Juliacon 2024

Gatlab: Computer Algebra and Standard ML modules combined
07-11, 16:30–17:00 (Europe/Amsterdam), For Loop (3.2)

What do computer algebra and Standard ML-style module systems have in common? In this talk, we will answer this question via exploration of GATlab.jl, a new package spun off of the GAT (generalized algebraic theories) system from Catlab. Rather than focusing on the mathematics of GATs, we will give a practical introduction on how to use GATlab as both a computer algebra system and a Standard ML-style module system, and how each use complements the other.


The core idea of GATlab is the following. Consider the following module signature in OCaml.

module type MONOID =
  sig
    type t
    val zero : t
    val add : (t, t) -> t
  end

A module can be said to "implement" this signature if the module contains a type t along with a "zero value" for t and a function which adds two elements of t.

module INTMONOID : MONOID =
  struct
    type t = int
    let zero = 0
    let add (x, y) = x + y
  end

However, we could also interpret that signature in a different way: we could interpret it as a specification for syntax trees.
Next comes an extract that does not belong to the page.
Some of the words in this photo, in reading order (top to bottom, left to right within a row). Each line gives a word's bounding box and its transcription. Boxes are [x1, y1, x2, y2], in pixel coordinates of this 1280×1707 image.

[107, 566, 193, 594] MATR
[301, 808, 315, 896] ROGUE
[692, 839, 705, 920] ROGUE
Specifically, we could make a data structure which looks like the following (we now switch back to Julia)

abstract type MonoidTerm{T} end

eltype(t::MonoidTerm{T}) where {T} = T

struct Zero{T} <: MonoidTerm{T}
end

struct Add{T} <: MonoidTerm{T}
  lhs::MonoidTerm
  rhs::MonoidTerm
end

struct Val{T} <: MonoidTerm{T}
  value::T
end

We can then make implementations using multiple dispatch

abstract type Monoid{T} end

struct IntMonoid <: Monoid{Int}
end

zero(::IntMonoid) = 0
add(::IntMonoid, x::Int, y::Int) = x + y

Using such a "module" of type Monoid{T}, we can interpret any MonoidTerm{T} to produce a T! That is, we can write a function

function interpret(M::Monoid{T}, t::MonoidTerm{T}) where {T}
  if t isa Zero
    zero(M)
  elseif t isa Add
    add(M, interpret(M, t.lhs), interpret(M, t.rhs))
  elseif t isa Val
    t.value
  end
end

If we build a signature+module system from the ground up using macros and multiple dispatch, we can also build in these syntax trees and corresponding interpreters. It is also possible to compile a syntax tree to a Julia function.

GATlab is an implementation of this... and significantly more. First of all, one can add laws to a signature to produce a theory (theory = signature + laws).

@theory ThMonoid begin
  T::TYPE
  zero::T
  add(x::T, y::T)::T
  add(x, zero) == x  [x::T]
  add(zero, x) == x  [x::T]
  add(add(x, y), z) == add(x, add(y, z))  [x::T, y::T, z::T]
end

We call a law-abiding implementation of the signature of a theory a model of that theory.

Now, we cannot statically check that a model of a theory satisfies the laws, but the laws do provide a principled way of doing rewriting on the syntax trees associated to a signature. We use e-graphs to perform this rewriting, with a custom type-aware implementation.

The mathematics behind all of this is studied within universal algebra. Many of the features of ML-style module systems have analogues within universal algebra. For instance, one can build up complex theories via inheriting simpler theories, or create maps between theories (analogous to ML-style functors), and these operations on theories can be used to generate new models from old ones.

However, universal algebra cannot capture certain structures important for our work in Catlab, first and foremost categories. To support categories, we upgrade from algebraic theories to generalized algebraic theories (or GATs, which is where the name of GATlab comes from), as introduced by Cartmell. These support theories with dependent types, which looks like the following

@theory ThCategory begin
  Ob::TYPE
  Hom(dom, codom)::TYPE  [dom::Ob, codom::Ob]
  id(a::Ob)::Hom(a, a)
  compose(f::Hom(a, b), g::Hom(b, c))::Hom(a, c)  [a::Ob, b::Ob, c::Ob]
  compose(f, id(b)) == g  [a::Ob, b::Ob, f::Hom(a, b)]
  ...
end  

Just like with algebraic theories, we can work with syntax trees, we can write interpreters, and we can programmatically manipulate models.

GATlab can be compared to frameworks like MMT, but with the ability to have models compute fast. Another comparison would be to Julia libraries like Symbolics.jl. Symbolics.jl is far more advanced for traditional computer algebra, but the underlying assumption is that variables are some sort of number, while GATlab does not assume this. Finally, we might compare with Julia libraries like WhereTraits.jl which add traits/typeclasses to Julia. GATlab differs from these in being more similar to Standard ML modules rather than Haskell typeclasses or Rust traits, and in its CAS aspects. We hope to learn from these other projects and integrate their strengths as GATlab evolves.

In this talk, we will give an introduction to GATlab from a practical perspective, showing how to work with simple theories and modules, and emphasizing the connection (as described above) between computer algebra and module systems.